> **Prompt**
Return the records exactly as they are.

━━━━━ Records to use

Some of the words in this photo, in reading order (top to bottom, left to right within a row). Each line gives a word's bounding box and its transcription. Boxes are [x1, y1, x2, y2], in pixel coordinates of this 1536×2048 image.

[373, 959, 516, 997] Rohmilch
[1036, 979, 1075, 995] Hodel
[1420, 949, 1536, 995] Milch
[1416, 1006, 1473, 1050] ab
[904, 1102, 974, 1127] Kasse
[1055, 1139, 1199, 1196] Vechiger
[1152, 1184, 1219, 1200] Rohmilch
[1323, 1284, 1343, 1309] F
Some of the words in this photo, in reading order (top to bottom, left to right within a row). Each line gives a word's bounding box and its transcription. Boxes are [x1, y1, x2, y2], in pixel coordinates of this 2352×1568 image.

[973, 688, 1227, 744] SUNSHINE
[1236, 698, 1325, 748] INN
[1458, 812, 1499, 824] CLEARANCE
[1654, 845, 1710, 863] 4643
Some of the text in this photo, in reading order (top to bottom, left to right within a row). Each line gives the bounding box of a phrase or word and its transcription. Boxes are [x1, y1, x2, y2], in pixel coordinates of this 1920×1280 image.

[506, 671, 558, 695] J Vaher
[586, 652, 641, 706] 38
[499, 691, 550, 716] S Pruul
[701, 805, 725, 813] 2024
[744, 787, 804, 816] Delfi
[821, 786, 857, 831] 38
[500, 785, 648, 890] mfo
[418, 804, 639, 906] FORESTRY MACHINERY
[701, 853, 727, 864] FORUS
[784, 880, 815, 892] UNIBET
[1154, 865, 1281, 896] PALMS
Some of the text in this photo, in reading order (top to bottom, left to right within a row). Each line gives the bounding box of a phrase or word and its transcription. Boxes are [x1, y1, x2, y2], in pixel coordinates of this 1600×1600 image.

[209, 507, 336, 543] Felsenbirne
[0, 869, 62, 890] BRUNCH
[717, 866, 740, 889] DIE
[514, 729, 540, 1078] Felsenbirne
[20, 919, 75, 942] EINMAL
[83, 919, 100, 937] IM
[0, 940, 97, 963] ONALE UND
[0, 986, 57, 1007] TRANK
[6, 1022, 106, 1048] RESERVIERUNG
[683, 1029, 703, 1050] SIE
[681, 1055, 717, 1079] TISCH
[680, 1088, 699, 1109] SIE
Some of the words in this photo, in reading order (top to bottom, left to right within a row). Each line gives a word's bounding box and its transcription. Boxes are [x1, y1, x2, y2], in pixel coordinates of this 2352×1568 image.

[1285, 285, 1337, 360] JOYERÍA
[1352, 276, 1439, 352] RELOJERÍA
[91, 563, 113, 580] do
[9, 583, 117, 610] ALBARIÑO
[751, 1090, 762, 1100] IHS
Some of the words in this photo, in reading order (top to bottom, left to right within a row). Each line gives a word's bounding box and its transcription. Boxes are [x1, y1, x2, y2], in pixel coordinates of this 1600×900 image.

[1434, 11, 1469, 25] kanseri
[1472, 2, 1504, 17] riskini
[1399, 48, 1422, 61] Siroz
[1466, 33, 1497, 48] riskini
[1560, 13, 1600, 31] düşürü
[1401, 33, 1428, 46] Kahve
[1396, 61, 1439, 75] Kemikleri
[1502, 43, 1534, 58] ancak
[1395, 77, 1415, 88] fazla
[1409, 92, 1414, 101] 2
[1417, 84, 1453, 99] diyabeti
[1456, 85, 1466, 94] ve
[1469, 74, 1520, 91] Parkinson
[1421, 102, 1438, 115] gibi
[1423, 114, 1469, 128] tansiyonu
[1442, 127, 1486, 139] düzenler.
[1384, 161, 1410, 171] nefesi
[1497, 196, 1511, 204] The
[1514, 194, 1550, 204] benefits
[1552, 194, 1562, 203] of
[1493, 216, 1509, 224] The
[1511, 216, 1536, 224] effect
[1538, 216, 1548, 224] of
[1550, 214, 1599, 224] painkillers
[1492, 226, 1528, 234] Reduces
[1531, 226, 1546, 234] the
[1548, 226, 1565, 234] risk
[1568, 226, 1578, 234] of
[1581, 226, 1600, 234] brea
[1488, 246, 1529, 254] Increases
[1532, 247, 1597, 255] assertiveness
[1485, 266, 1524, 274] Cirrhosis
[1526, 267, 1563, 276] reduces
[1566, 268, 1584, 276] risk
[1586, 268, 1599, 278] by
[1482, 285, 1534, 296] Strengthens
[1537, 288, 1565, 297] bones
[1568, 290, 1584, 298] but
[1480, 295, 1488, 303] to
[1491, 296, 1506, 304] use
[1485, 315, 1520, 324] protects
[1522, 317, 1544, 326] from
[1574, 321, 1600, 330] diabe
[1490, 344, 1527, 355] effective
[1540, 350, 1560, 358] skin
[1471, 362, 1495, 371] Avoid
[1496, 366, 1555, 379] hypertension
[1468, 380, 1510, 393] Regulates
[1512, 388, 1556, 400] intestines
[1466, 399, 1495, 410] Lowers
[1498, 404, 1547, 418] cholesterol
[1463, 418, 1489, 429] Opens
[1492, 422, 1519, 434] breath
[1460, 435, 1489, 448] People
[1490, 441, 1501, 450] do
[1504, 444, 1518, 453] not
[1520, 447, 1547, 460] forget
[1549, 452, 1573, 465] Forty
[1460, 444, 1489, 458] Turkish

━━━━━━━━━━

> **Result**
Some of the words in this photo, in reading order (top to bottom, left to right within a row). Each line gives a word's bounding box and its transcription. Boxes are [x1, y1, x2, y2], in pixel coordinates of this 1536×2048 image.

[373, 959, 516, 997] Rohmilch
[1036, 979, 1075, 995] Hodel
[1420, 949, 1536, 995] Milch
[1416, 1006, 1473, 1050] ab
[904, 1102, 974, 1127] Kasse
[1055, 1139, 1199, 1196] Vechiger
[1152, 1184, 1219, 1200] Rohmilch
[1323, 1284, 1343, 1309] F
Some of the words in this photo, in reading order (top to bottom, left to right within a row). Each line gives a word's bounding box and its transcription. Boxes are [x1, y1, x2, y2], in pixel coordinates of this 2352×1568 image.

[973, 688, 1227, 744] SUNSHINE
[1236, 698, 1325, 748] INN
[1458, 812, 1499, 824] CLEARANCE
[1654, 845, 1710, 863] 4643
Some of the text in this photo, in reading order (top to bottom, left to right within a row). Each line gives the bounding box of a phrase or word and its transcription. Boxes are [x1, y1, x2, y2], in pixel coordinates of this 1920×1280 image.

[506, 671, 558, 695] J Vaher
[586, 652, 641, 706] 38
[499, 691, 550, 716] S Pruul
[701, 805, 725, 813] 2024
[744, 787, 804, 816] Delfi
[821, 786, 857, 831] 38
[500, 785, 648, 890] mfo
[418, 804, 639, 906] FORESTRY MACHINERY
[701, 853, 727, 864] FORUS
[784, 880, 815, 892] UNIBET
[1154, 865, 1281, 896] PALMS
Some of the text in this photo, in reading order (top to bottom, left to right within a row). Each line gives the bounding box of a phrase or word and its transcription. Boxes are [x1, y1, x2, y2], in pixel coordinates of this 1600×1600 image.

[209, 507, 336, 543] Felsenbirne
[0, 869, 62, 890] BRUNCH
[717, 866, 740, 889] DIE
[514, 729, 540, 1078] Felsenbirne
[20, 919, 75, 942] EINMAL
[83, 919, 100, 937] IM
[0, 940, 97, 963] ONALE UND
[0, 986, 57, 1007] TRANK
[6, 1022, 106, 1048] RESERVIERUNG
[683, 1029, 703, 1050] SIE
[681, 1055, 717, 1079] TISCH
[680, 1088, 699, 1109] SIE
Some of the words in this photo, in reading order (top to bottom, left to right within a row). Each line gives a word's bounding box and its transcription. Boxes are [x1, y1, x2, y2], in pixel coordinates of this 2352×1568 image.

[1285, 285, 1337, 360] JOYERÍA
[1352, 276, 1439, 352] RELOJERÍA
[91, 563, 113, 580] do
[9, 583, 117, 610] ALBARIÑO
[751, 1090, 762, 1100] IHS
Some of the words in this photo, in reading order (top to bottom, left to right within a row). Each line gives a word's bounding box and its transcription. Boxes are [x1, y1, x2, y2], in pixel coordinates of this 1600×900 image.

[1434, 11, 1469, 25] kanseri
[1472, 2, 1504, 17] riskini
[1399, 48, 1422, 61] Siroz
[1466, 33, 1497, 48] riskini
[1560, 13, 1600, 31] düşürü
[1401, 33, 1428, 46] Kahve
[1396, 61, 1439, 75] Kemikleri
[1502, 43, 1534, 58] ancak
[1395, 77, 1415, 88] fazla
[1409, 92, 1414, 101] 2
[1417, 84, 1453, 99] diyabeti
[1456, 85, 1466, 94] ve
[1469, 74, 1520, 91] Parkinson
[1421, 102, 1438, 115] gibi
[1423, 114, 1469, 128] tansiyonu
[1442, 127, 1486, 139] düzenler.
[1384, 161, 1410, 171] nefesi
[1497, 196, 1511, 204] The
[1514, 194, 1550, 204] benefits
[1552, 194, 1562, 203] of
[1493, 216, 1509, 224] The
[1511, 216, 1536, 224] effect
[1538, 216, 1548, 224] of
[1550, 214, 1599, 224] painkillers
[1492, 226, 1528, 234] Reduces
[1531, 226, 1546, 234] the
[1548, 226, 1565, 234] risk
[1568, 226, 1578, 234] of
[1581, 226, 1600, 234] brea
[1488, 246, 1529, 254] Increases
[1532, 247, 1597, 255] assertiveness
[1485, 266, 1524, 274] Cirrhosis
[1526, 267, 1563, 276] reduces
[1566, 268, 1584, 276] risk
[1586, 268, 1599, 278] by
[1482, 285, 1534, 296] Strengthens
[1537, 288, 1565, 297] bones
[1568, 290, 1584, 298] but
[1480, 295, 1488, 303] to
[1491, 296, 1506, 304] use
[1485, 315, 1520, 324] protects
[1522, 317, 1544, 326] from
[1574, 321, 1600, 330] diabe
[1490, 344, 1527, 355] effective
[1540, 350, 1560, 358] skin
[1471, 362, 1495, 371] Avoid
[1496, 366, 1555, 379] hypertension
[1468, 380, 1510, 393] Regulates
[1512, 388, 1556, 400] intestines
[1466, 399, 1495, 410] Lowers
[1498, 404, 1547, 418] cholesterol
[1463, 418, 1489, 429] Opens
[1492, 422, 1519, 434] breath
[1460, 435, 1489, 448] People
[1490, 441, 1501, 450] do
[1504, 444, 1518, 453] not
[1520, 447, 1547, 460] forget
[1549, 452, 1573, 465] Forty
[1460, 444, 1489, 458] Turkish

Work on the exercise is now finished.